Problem to solve ▸ I would like the records restated word for word, without the pictures.

Information given ▸
···
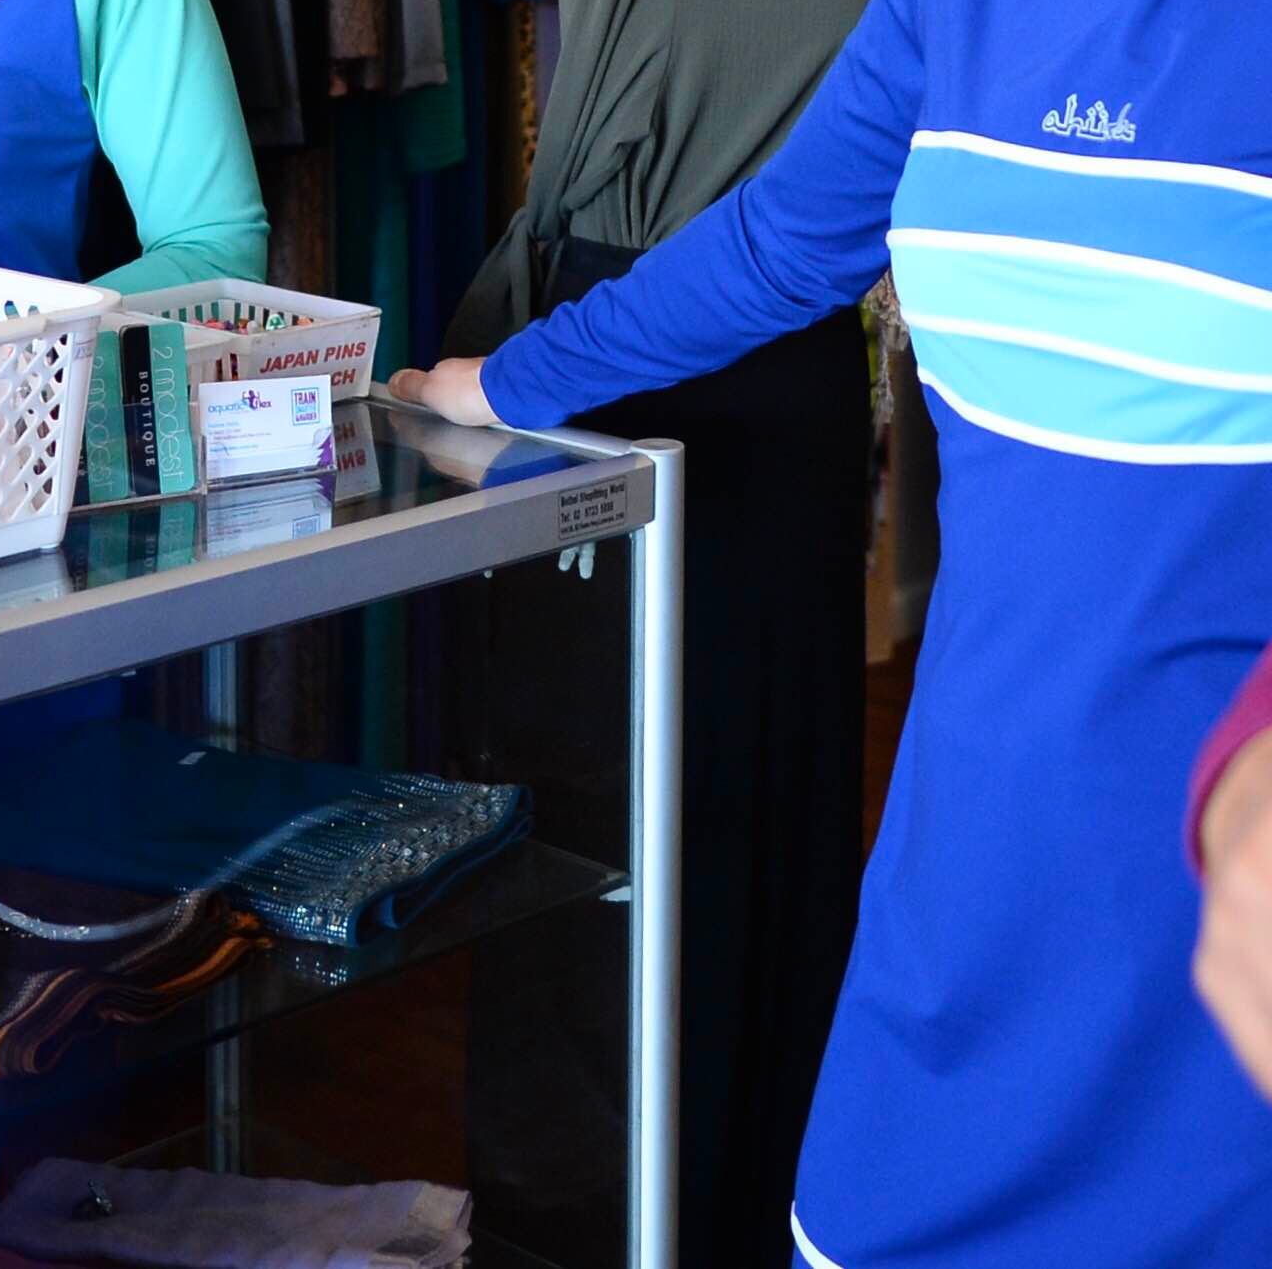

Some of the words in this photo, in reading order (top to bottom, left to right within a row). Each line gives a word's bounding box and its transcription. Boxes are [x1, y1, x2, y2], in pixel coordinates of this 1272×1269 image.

[154, 346, 174, 361] 2
[259, 349, 320, 374] JAPAN
[324, 342, 367, 363] PINS
[294, 391, 316, 406] TRAIN
[138, 371, 156, 467] BOUTIQUE
[156, 367, 185, 485] modest
···
Solution to this problem ▸
Some of the words in this photo, in reading order (top to bottom, left to right within a row). Each line gives a word's bounding box and its transcription. Boxes are [x1, y1, x2, y2], in pixel coordinates of this 1272×1269 image.

[154, 346, 174, 361] 2
[259, 349, 320, 374] JAPAN
[324, 342, 367, 363] PINS
[294, 391, 316, 406] TRAIN
[138, 371, 156, 467] BOUTIQUE
[156, 367, 185, 485] modest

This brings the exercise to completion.